観測地は阿武隈山地の森林計6地点である。林内のCs移動と林外への流出を同時観測する地点として、生活圏に隣接するコナラ林とスギ林の未除染地を各1地点選定した。林外への流出観測地は、山岳地、コナラ林の除染地、林野火災跡地と非延焼地のスギ林に各1地点を設定した。林外へのCs流出観測では、傾斜約30度の森林斜面にステンレス製もしくは塩化ビニル製の板で区画した観測プロットを設置し、プロット下端部のトラップにて土壌等の流出物を全量回収した。地形が急峻な山岳地では流域単位で流出量を観測し、河川への流出点付近の治山ダムにおける埋積地形の変化から土砂流出量を算出した。Cs流出量(Bq/m2)は、観測プロットもしくは流域面積、流出物の重量とCs濃度から算出した。林内における森林上部(樹冠)から森林の地表面(林床)へのCs移動量(Bq/m2)は、林内雨量、樹幹流量及びリターフォール量を観測し、それらの採取面積と試料のCs濃度から算出した。林外へのCs流出率と林内の移動率は、観測地のCs存在量に対する流出量もしくは移動量の百分率とした。林床から土壌深部へのCs移動は、林床リターと深度20cmまでの土壌をスクレーパープレートで全量採取し、試料の採取面積、重量及びCs濃度からリター層と土壌各深度のCs存在量(Bq/m2)を算出し深度分布の経年変化を比較した。

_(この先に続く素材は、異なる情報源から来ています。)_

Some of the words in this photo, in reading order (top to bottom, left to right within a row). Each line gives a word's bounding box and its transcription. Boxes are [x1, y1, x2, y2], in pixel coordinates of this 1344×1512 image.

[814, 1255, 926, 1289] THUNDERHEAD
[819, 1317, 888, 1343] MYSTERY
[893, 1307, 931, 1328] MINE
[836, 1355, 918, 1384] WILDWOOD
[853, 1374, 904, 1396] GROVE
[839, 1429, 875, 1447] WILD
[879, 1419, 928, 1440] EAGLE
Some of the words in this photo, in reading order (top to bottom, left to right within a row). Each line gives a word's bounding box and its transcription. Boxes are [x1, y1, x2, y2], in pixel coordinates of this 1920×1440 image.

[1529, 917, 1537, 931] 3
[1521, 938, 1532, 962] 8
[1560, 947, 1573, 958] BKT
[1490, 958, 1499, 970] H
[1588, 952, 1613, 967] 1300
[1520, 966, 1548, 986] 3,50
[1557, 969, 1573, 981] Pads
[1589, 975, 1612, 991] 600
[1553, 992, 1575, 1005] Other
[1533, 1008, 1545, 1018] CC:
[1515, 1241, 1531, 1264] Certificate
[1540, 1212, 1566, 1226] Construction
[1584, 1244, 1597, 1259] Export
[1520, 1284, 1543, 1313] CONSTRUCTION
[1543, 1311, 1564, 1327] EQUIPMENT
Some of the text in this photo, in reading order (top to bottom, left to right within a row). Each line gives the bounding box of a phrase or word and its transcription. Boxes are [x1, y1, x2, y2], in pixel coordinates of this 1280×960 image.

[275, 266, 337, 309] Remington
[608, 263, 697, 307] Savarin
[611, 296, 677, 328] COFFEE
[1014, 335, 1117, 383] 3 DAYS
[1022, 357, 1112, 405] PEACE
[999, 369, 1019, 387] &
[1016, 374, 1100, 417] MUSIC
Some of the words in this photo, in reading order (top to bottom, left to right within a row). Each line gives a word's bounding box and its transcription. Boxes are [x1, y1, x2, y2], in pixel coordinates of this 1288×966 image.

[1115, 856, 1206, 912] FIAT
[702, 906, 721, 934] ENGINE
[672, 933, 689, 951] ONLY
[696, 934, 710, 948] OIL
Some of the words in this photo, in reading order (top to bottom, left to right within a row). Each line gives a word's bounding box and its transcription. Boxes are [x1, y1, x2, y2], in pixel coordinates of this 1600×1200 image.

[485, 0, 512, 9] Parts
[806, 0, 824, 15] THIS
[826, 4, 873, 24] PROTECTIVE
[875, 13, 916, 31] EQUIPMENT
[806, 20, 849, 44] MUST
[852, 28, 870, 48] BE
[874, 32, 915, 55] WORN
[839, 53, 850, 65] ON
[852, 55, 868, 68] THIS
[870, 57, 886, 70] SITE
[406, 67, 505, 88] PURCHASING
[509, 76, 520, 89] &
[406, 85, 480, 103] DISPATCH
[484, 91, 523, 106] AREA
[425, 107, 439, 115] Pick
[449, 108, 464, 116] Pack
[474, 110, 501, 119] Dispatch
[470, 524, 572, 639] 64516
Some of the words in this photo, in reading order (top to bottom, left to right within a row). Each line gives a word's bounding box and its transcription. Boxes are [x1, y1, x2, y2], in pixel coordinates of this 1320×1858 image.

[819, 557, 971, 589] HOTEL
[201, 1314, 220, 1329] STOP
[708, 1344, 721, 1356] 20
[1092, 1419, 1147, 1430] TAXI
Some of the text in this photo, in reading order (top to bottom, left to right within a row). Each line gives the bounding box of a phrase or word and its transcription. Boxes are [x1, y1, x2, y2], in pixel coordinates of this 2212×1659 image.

森林内のCs分布は、林床リターと土壌層を地下部、樹木を地上部として、地下部と地上部のCs存在割合を求めた。樹木試料は、観測地に分布する全樹木の直径の頻度分布に基づき代表木を5本選定して伐倒し採取した。樹木のCs存在量(Bq/m2)は、樹木バイオマスと樹木各部のCs濃度から求めた樹木1本あたりのCs量(Bq/本)に樹木密度(本/m2)を乗ずることで算出した。



結果と考察

年間のCs流出率は、未除染のコナラ林で0.01-0.41%、スギ林で0.05-0.19%、山岳地で0.06-3.1%[2]、除染地で0.16-0.84%[3]、火災跡地では火災発生後の約半年間で2.6%、翌年は0.63%であった。樹冠から林床へのCs移動率は、未除染のコナラ林で0.23-3.09%、スギ林で0.36-1.04%の範囲であった。2015年の台風に伴い多量の土砂が堆積した山岳地を除き、いずれの森林環境においてもCs移動と流出率は最大数%であり、1F事故からの経過年数とともに低下する傾向にあることから、Csは今後とも林内に留まる傾向にあると考えられる。また、スギ林におけるCs存在量の約9割が2015年10月時点で地下部のリター層と土壌層に存在し、地下部では1F事故からの経過とともに、リター層から土壌表層にCs存在量の重心が移動していた。ただし、2016年8月には、林床のCs存在量の約70-80%が土壌表層0-5 cmに分布していた。

以上の結果は、森林内のCs分布が、栄養分の吸収を担う樹木細根の分布と類似していることを示す。林内での移動や林外への流出が限定的であることを踏まえると、今後は林床から林産物へのCs移行プロセス解明とフラックス算出が中心課題であり、チェルノブイリ原子力事故の事例からは、少なくとも1F事故後10年間を超えた長期観測が林産物の濃度予測に当たり必要と考えられる。



[1] Niizato et al., 2016, J. Environ. Radioact. 161, 11-21.

[2] 渡辺ほか, 2017, KEK proceedings, 2017-6, 122-126.

[3] 渡辺ほか, 2019, 第20回「環境放射能」研究会要旨論文集, P-23.

[4] 新里ほか, 2018, JpGU2018予稿集, HCG27-06.

[5] 梶本ほか, 2014, 森総研研究報告, vol.13, 113-136.